* Work to be completed
Leave every image behind and restate the data word for word.

···

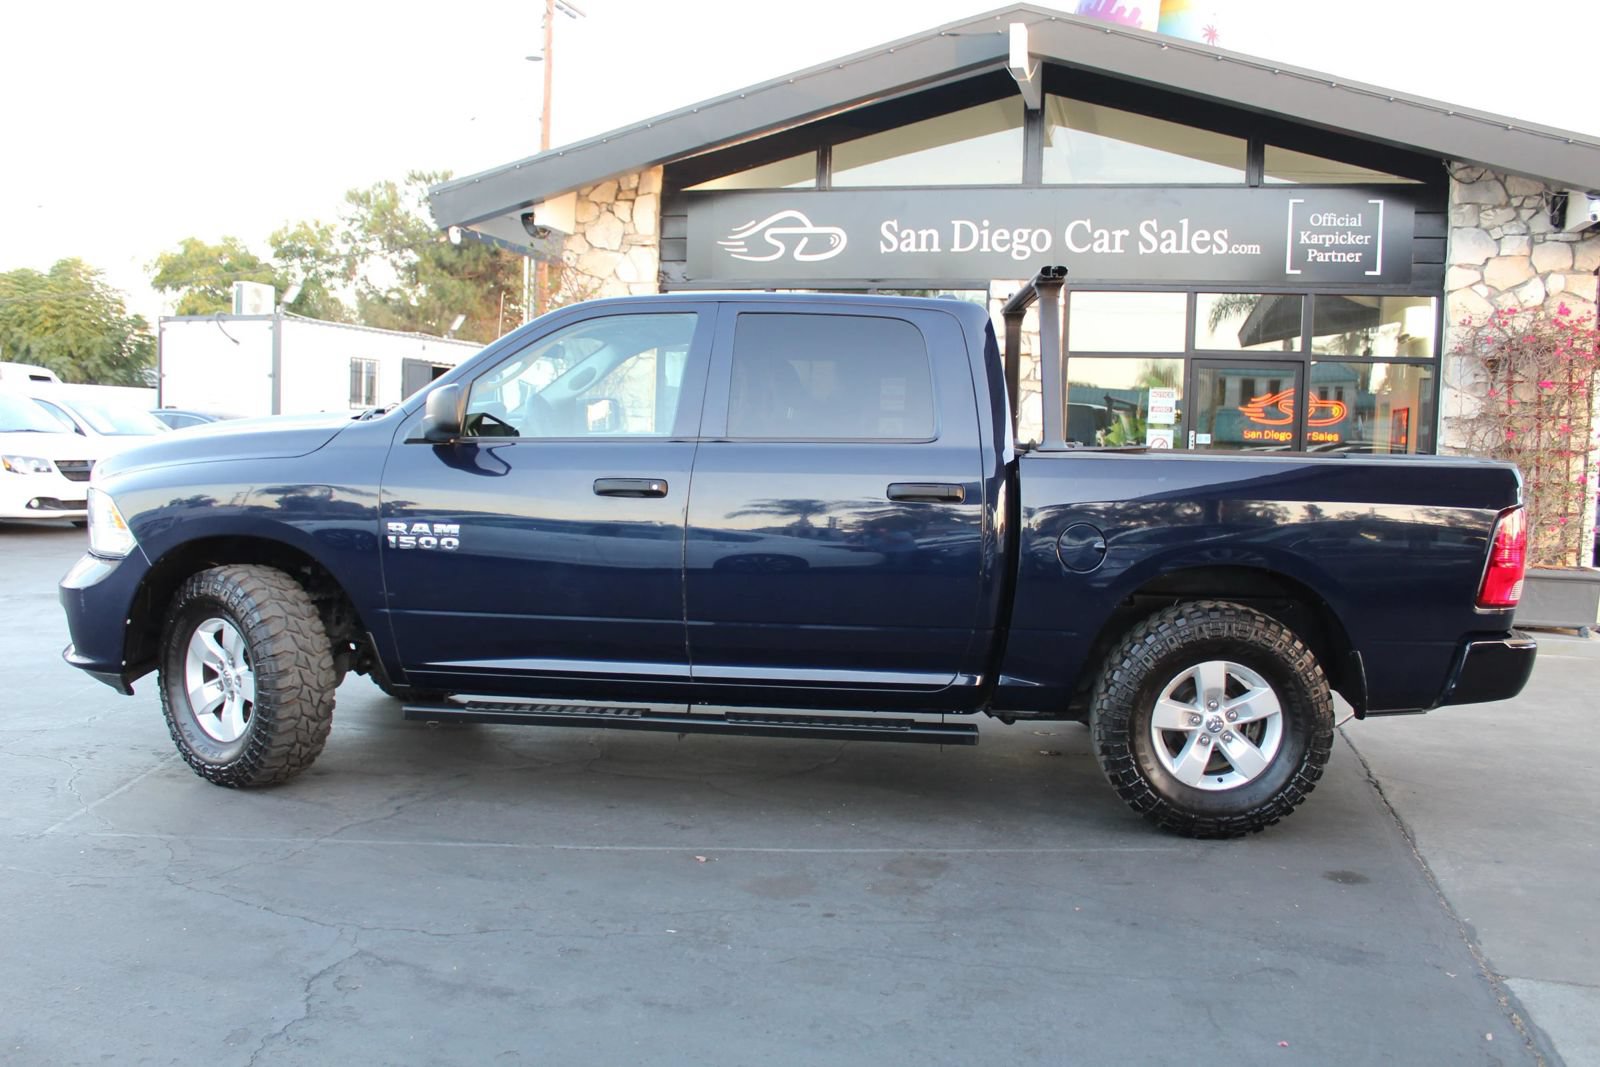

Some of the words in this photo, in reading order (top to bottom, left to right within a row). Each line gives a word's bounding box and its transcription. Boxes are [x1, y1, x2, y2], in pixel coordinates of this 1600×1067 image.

[1309, 212, 1362, 227] Official
[880, 219, 942, 254] San
[950, 219, 1053, 260] Diego
[1064, 218, 1130, 253] Car
[1299, 230, 1372, 247] Karpicker
[1306, 248, 1363, 262] Partner
[1243, 430, 1262, 440] San
[1264, 430, 1293, 441] Diego
[1311, 431, 1339, 441] Sales
[387, 522, 460, 537] RAM
[387, 535, 460, 551] 1500

···

* Written answer
Some of the words in this photo, in reading order (top to bottom, left to right within a row). Each line gives a word's bounding box and its transcription. Boxes are [x1, y1, x2, y2], in pixel coordinates of this 1600×1067 image.

[1309, 212, 1362, 227] Official
[880, 219, 942, 254] San
[950, 219, 1053, 260] Diego
[1064, 218, 1130, 253] Car
[1299, 230, 1372, 247] Karpicker
[1306, 248, 1363, 262] Partner
[1243, 430, 1262, 440] San
[1264, 430, 1293, 441] Diego
[1311, 431, 1339, 441] Sales
[387, 522, 460, 537] RAM
[387, 535, 460, 551] 1500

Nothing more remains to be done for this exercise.